NBA Free Agency: Where Will LeBron James Land Next Season?

(CNN) — Another decision day is looming. And just like it did in 2010 and 2014, it could have a seismic impact on the NBA landscape.

LeBron James has until the end of June 29 to decide if he will opt out of his contract with the Cleveland Cavaliers and become a free agent. Should he go that route, James could sign with a team in early July.

“I have no idea at this point,” James said after the NBA Finals when asked if he’s played his last game for the Cavaliers after getting swept by the Golden Warriors.

“The one thing that I’ve always done is considered, obviously, my family. Understanding especially where my boys are at this point in their age. They were a lot younger the last time I made a decision like this four years ago. I’ve got a teenage boy, a pre-teen and a little girl that wasn’t around as well.

“So sitting down and considering everything, my family is a huge part of whatever I’ll decide to do in my career, and it will continue to be that. So I don’t have an answer for you right now as far as that.”

In 2010, James shocked NBA fans by going to Miami. In 2014, he made massive headlines again by returning to Cleveland — and fulfilling his promise to bring a championship to the city in 2016.

So where will James play next season? These are some of the most talked about teams seen as potential contenders to land The King.

Cleveland Cavaliers

The Cavaliers can offer James the biggest deal: 5 years and more than $200 million. Other teams can only offer 4-year deals worth around $150 million. Cleveland also has the No. 8 pick in the NBA draft. Having grown up in nearby Akron, Ohio is James’ home.

But as getting swept in the NBA Finals showed, the current makeup of Cleveland’s roster likely isn’t good enough to win an NBA championship. It also could struggle to get out of the Eastern Conference with younger teams like Boston and Philadelphia on the rise.

Another downside in coming back: The NBA has a salary cap system, and Cleveland is over the limit, meaning it would need to pay a hefty luxury tax penalty.

At the moment, James staying feels unrealistic.

Philadelphia 76ers

This is an interesting possibility. The 76ers have excellent young talent in 24-year-old Joel Embiid, 21-year-old Ben Simmons and 24-year-old Dario Saric. Brett Brown is a well respected coach. The 76ers also are well under the cap and are one of the best teams positioned to spend in free agency.

But there’s been recent turmoil in Philadelphia’s front office. The organization recently parted ways with its president of basketball operations, Bryan Colangelo, after an investigation revealed that his wife, Barbara Bottini, had created multiple anonymous Twitter accounts to critique several current and former 76ers players.

Who will be the team’s next general manager? And would James be patient with a younger team?

Los Angeles Lakers

Los Angeles has been seen as a favorable landing spot for James for about a year now. He has two homes there.

There’s also the money. According to Spotrac, the Lakers have the most cap space. But they need more than James to come to Los Angeles to be a playoff contender. Would California native Paul George join him? Might Chris Paul take less money and head to Los Angeles?

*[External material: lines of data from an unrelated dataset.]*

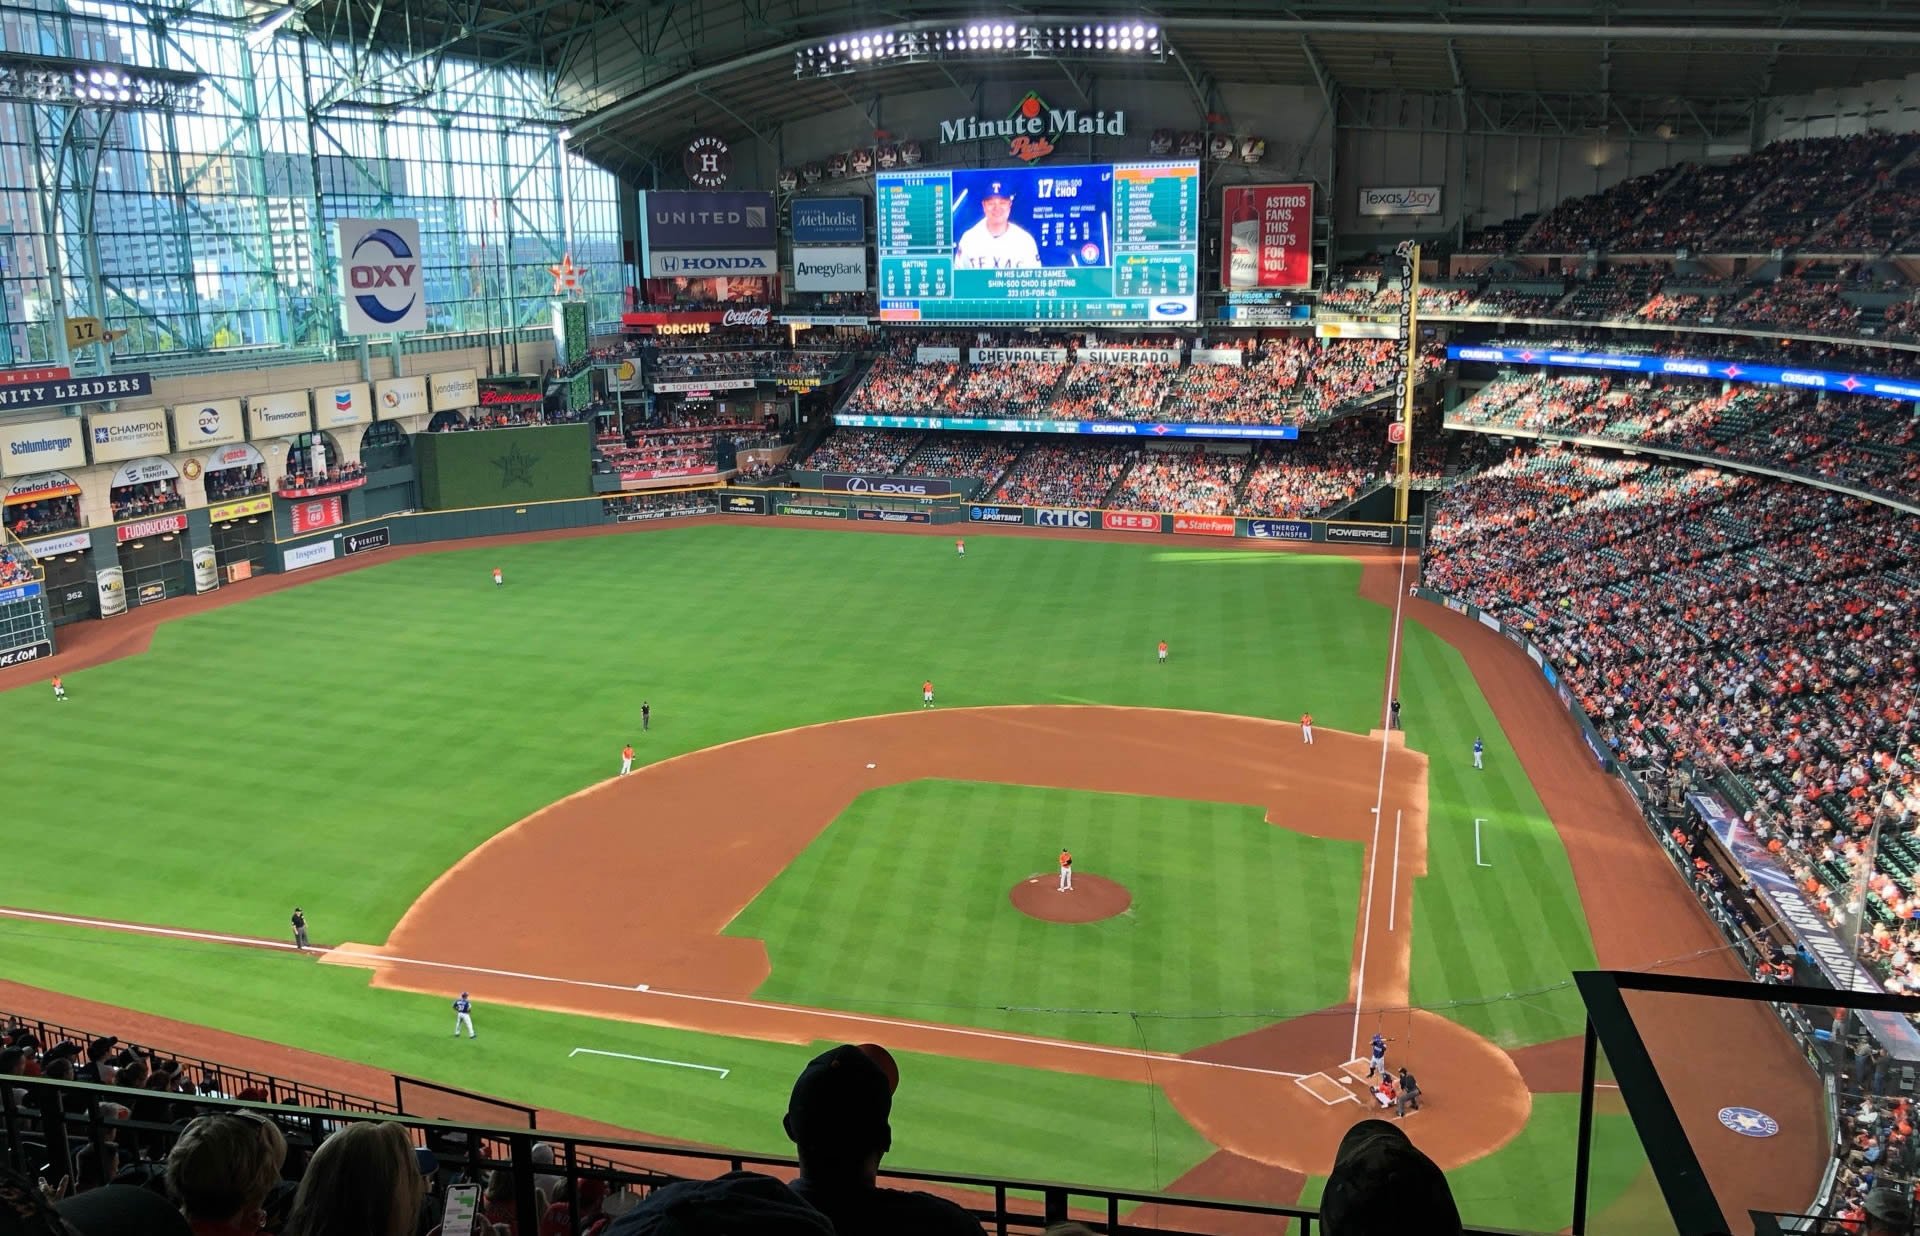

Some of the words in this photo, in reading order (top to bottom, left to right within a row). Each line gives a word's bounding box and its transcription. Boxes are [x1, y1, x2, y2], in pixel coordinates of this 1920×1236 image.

[939, 114, 1042, 144] Minute
[1049, 109, 1125, 136] Maid
[688, 137, 728, 153] HOUSTON
[700, 154, 719, 172] H
[692, 173, 727, 187] ASTROS
[1102, 172, 1110, 181] LF
[1038, 179, 1053, 198] 17
[1055, 187, 1077, 197] CHOO
[1266, 196, 1306, 208] ASTROS
[1365, 190, 1402, 205] Texas
[1402, 187, 1436, 207] Bay
[656, 211, 741, 225] UNITED
[798, 212, 857, 227] Methodist
[1265, 209, 1295, 221] FANS,
[1265, 222, 1289, 233] THIS
[1265, 234, 1296, 246] BUD'S
[1264, 247, 1285, 258] FOR
[682, 257, 768, 270] HONDA
[902, 260, 928, 268] BATTING
[1264, 259, 1288, 271] YOU.
[797, 262, 862, 278] AmegyBank
[1016, 270, 1033, 278] LAST
[1035, 270, 1041, 278] 12
[351, 264, 417, 289] OXY
[988, 280, 1019, 288] SHIN-SOO
[1021, 280, 1039, 288] CHOO
[74, 323, 94, 339] 17
[656, 323, 711, 335] TORCHYS
[978, 350, 1057, 363] CHEVROLET
[1089, 351, 1170, 364] SILVERADO
[7, 372, 54, 382] MAID
[777, 378, 821, 387] PLUCKERS
[54, 378, 140, 398] LEADERS
[671, 383, 709, 391] TORCHYS
[714, 381, 739, 389] TACOS
[481, 390, 543, 405] Budweiser
[1396, 370, 1407, 421] FOUL
[198, 416, 220, 426] OXY
[264, 410, 307, 423] Transocean
[109, 421, 164, 436] CHAMPION
[1091, 425, 1137, 434] COUSHATTA
[11, 437, 72, 456] Schlumberger
[142, 464, 163, 473] ENERGY
[143, 470, 169, 480] TRANSFER
[13, 481, 49, 495] Crawford
[51, 478, 70, 488] Bock
[870, 483, 927, 495] LEXUS
[311, 511, 321, 522] 66
[791, 508, 813, 516] National
[982, 513, 1022, 522] SPORTSNET
[1037, 509, 1090, 528] RTIC
[125, 516, 179, 539] FUDDRUCKERS
[1272, 524, 1301, 533] ENERGY
[1329, 528, 1389, 539] POWERADE
[1271, 530, 1308, 539] TRANSFER
[42, 542, 74, 553] AMERICA
[295, 546, 327, 560] Insperity
[66, 591, 83, 601] 362
[1769, 890, 1828, 933] ASTROS

If James ends up with the Lakers, he’ll need to bring help with him.

Houston Rockets

This feels like a long shot. Houston doesn’t have the money to offer to James. That likely would be needed to re-sign Paul and/or Clint Capela.

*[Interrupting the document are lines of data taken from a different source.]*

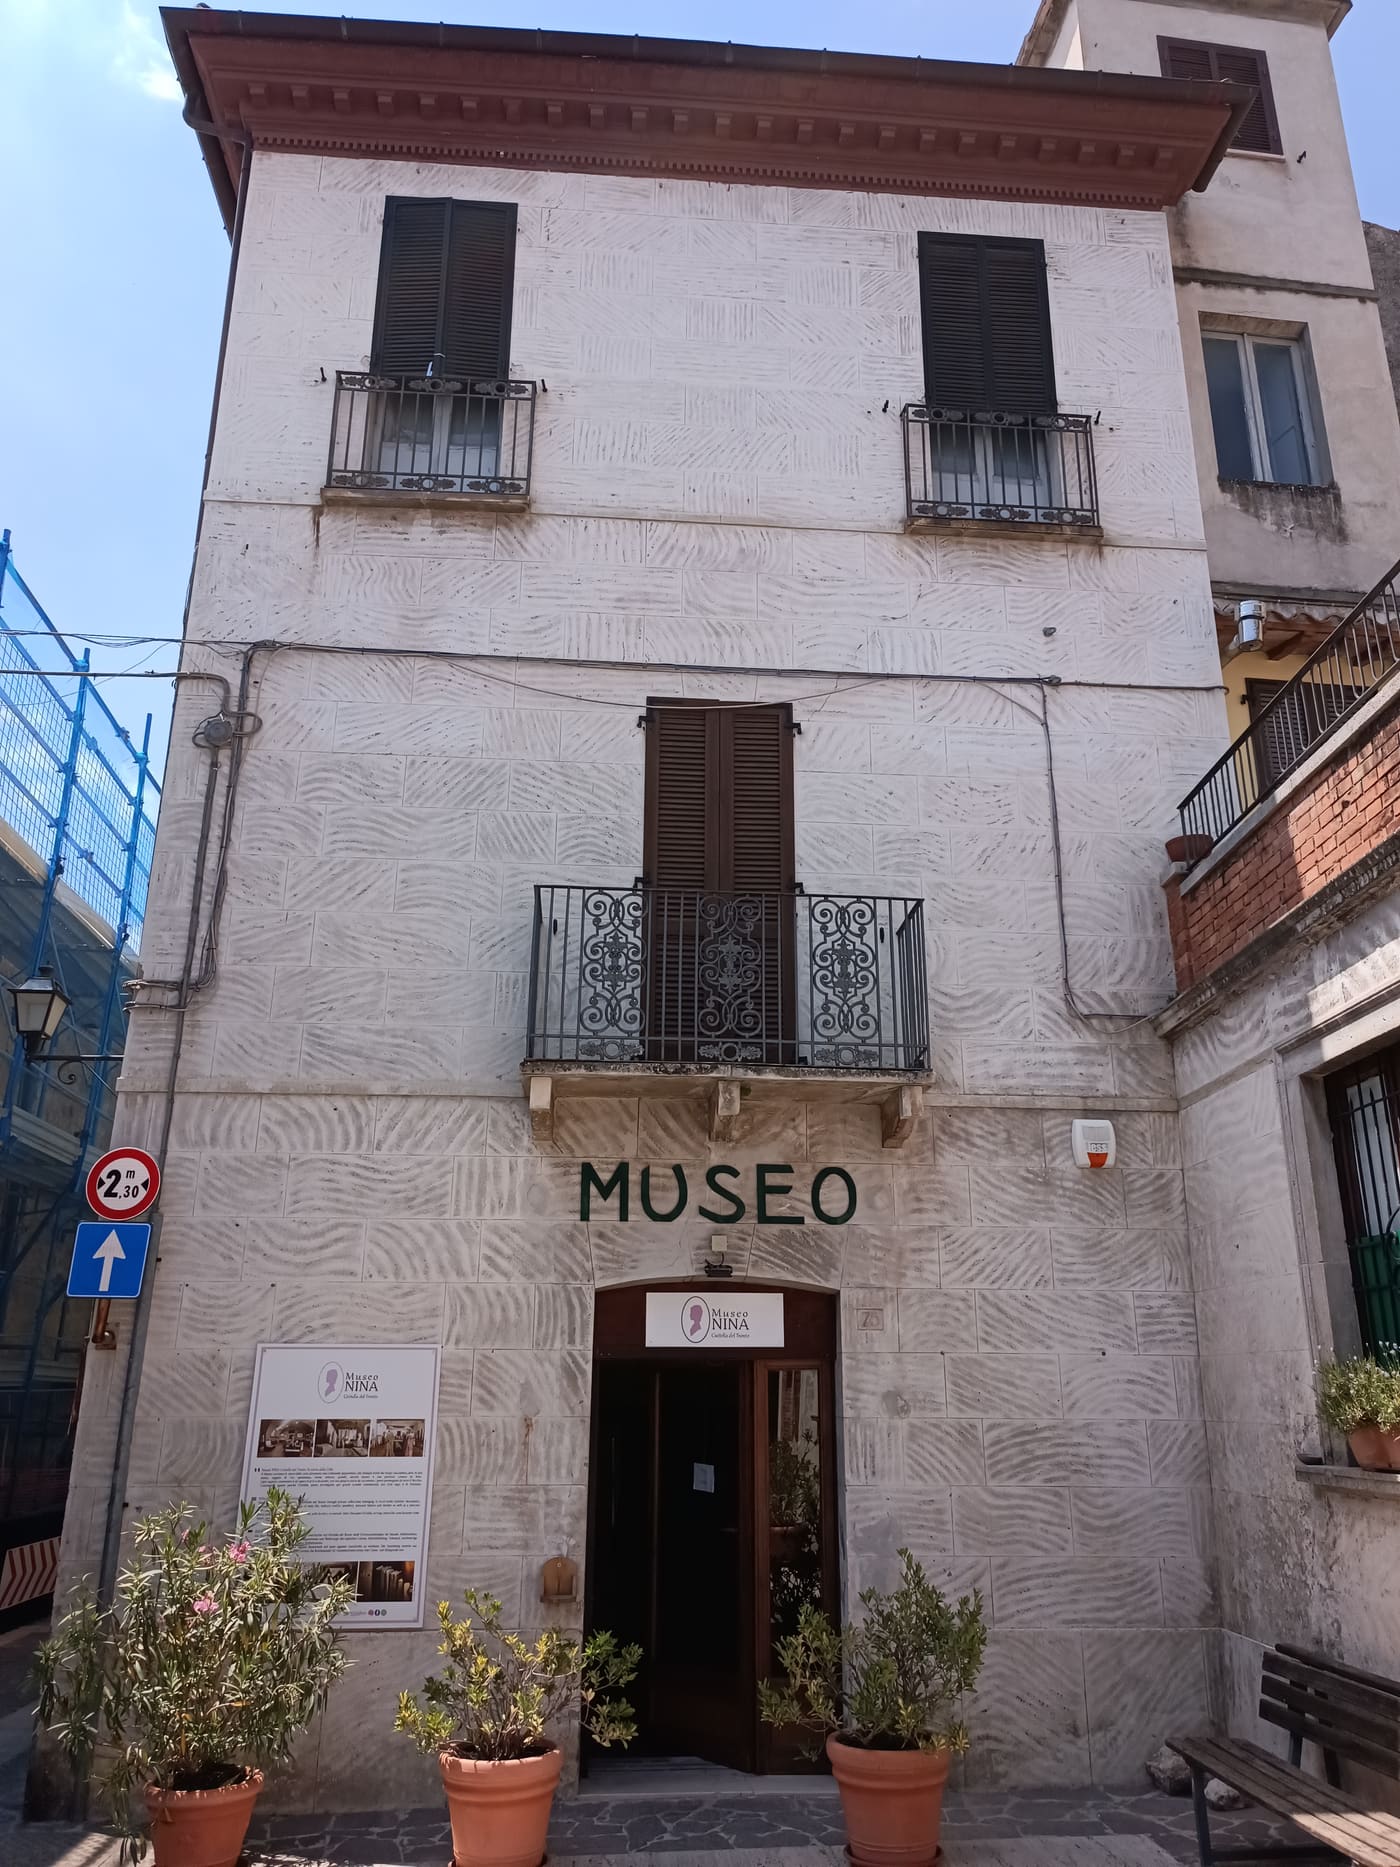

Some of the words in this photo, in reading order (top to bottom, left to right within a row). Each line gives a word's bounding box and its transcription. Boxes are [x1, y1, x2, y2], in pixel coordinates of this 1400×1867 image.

[125, 1170, 135, 1179] m
[580, 1162, 857, 1225] MUSEO
[711, 1308, 749, 1318] Museo
[711, 1318, 750, 1331] NINA
[345, 1372, 379, 1381] Museo
[344, 1380, 379, 1392] NINA

Still, Rockets general manager Daryl Morey has admitted openly he is obsessed about beating the Golden State Warriors, and his team came oh-so-close this year, falling in Game 7 of the Western Conference finals. Morey isn’t shy about making moves, like when he acquired Paul in a blockbuster trade last summer. Can he shed Ryan Anderson’s contract? Would Paul sign for less?

Most likely, James and the Cavaliers would need to agree to a sign-and-trade to Houston, which is what James did when he went to Miami in 2010.

It would be tricky, but not impossible.